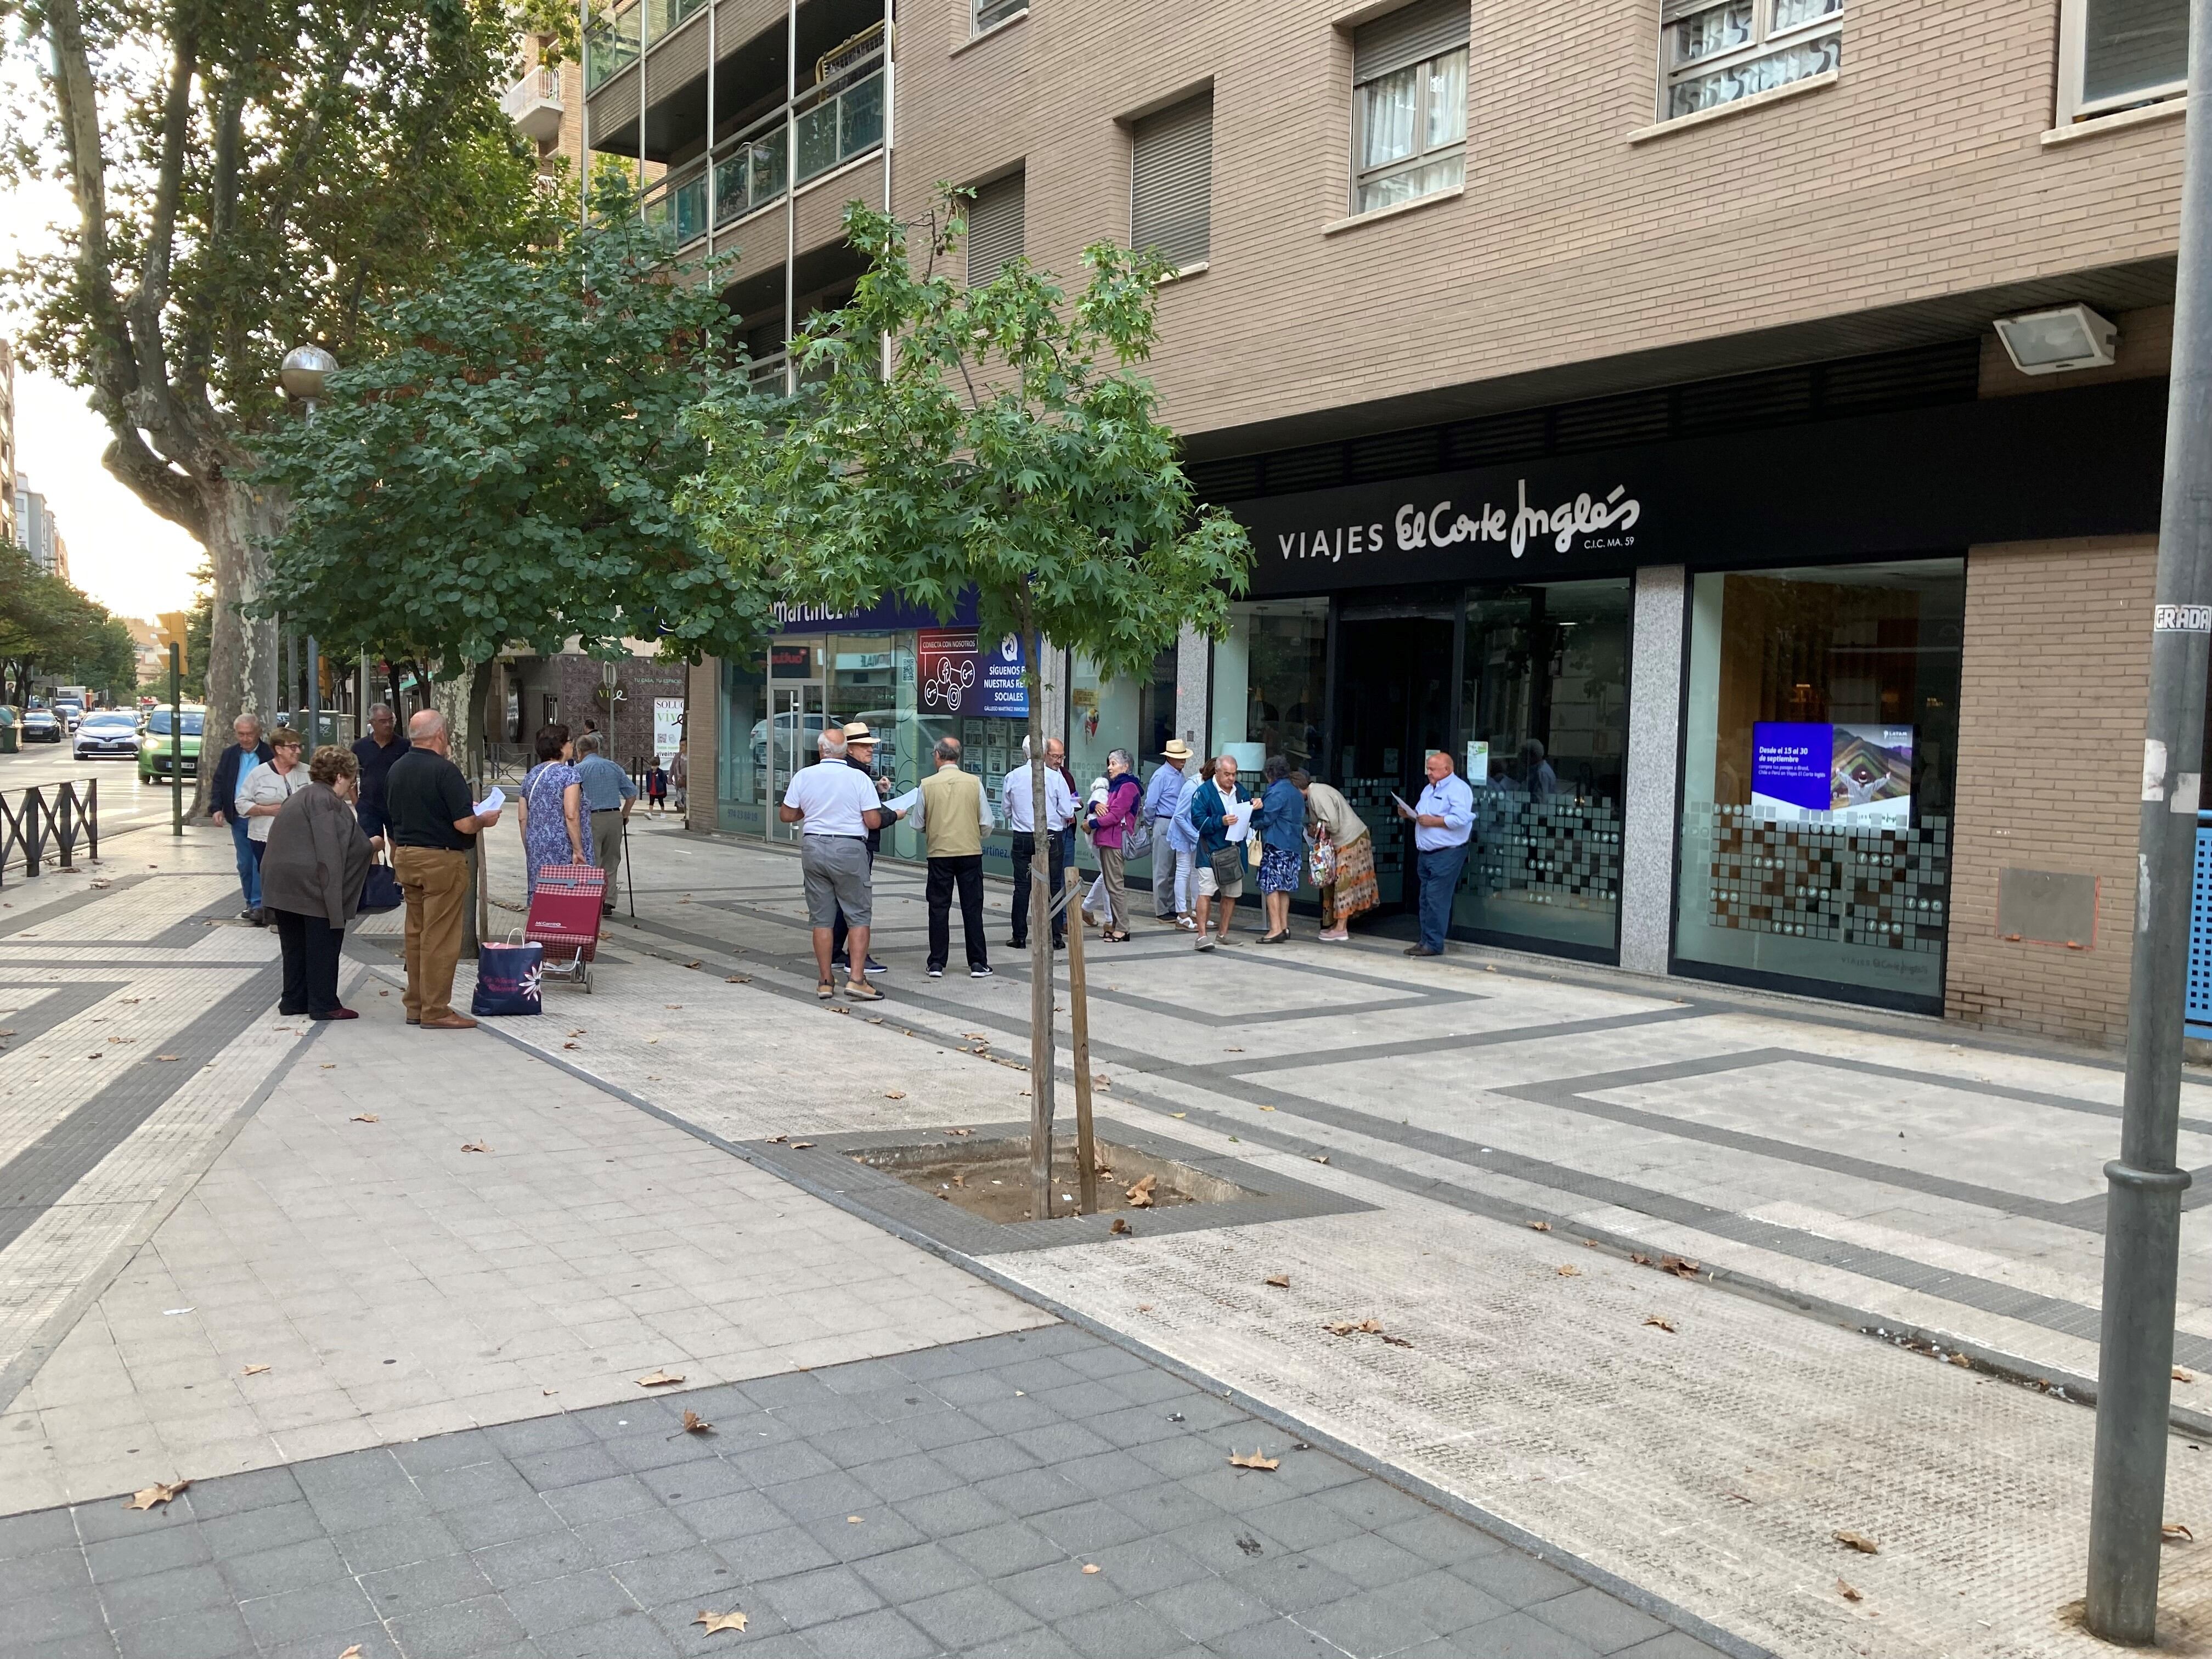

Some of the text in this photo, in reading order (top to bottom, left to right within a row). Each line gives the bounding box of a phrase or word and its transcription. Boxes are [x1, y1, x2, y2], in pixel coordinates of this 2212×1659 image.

[1278, 479, 1640, 563] VIAJES El Corte Inglés
[1584, 536, 1635, 549] C.I.C. MA. 59
[989, 664, 1020, 675] SÍGUENOS
[984, 679, 1025, 689] NUESTRAS RE
[994, 692, 1024, 702] SOCIALES
[1759, 746, 1777, 754] Desde
[1777, 746, 1783, 754] el
[1784, 747, 1792, 755] 15
[1799, 747, 1809, 755] 30
[1767, 755, 1799, 764] septiembre

- - -

Task
Set down every record once more, word for word, without pictures.

Response
Some of the text in this photo, in reading order (top to bottom, left to right within a row). Each line gives the bounding box of a phrase or word and its transcription. Boxes are [x1, y1, x2, y2], in pixel coordinates of this 2212×1659 image.

[1278, 479, 1640, 563] VIAJES El Corte Inglés
[1584, 536, 1635, 549] C.I.C. MA. 59
[989, 664, 1020, 675] SÍGUENOS
[984, 679, 1025, 689] NUESTRAS RE
[994, 692, 1024, 702] SOCIALES
[1759, 746, 1777, 754] Desde
[1777, 746, 1783, 754] el
[1784, 747, 1792, 755] 15
[1799, 747, 1809, 755] 30
[1767, 755, 1799, 764] septiembre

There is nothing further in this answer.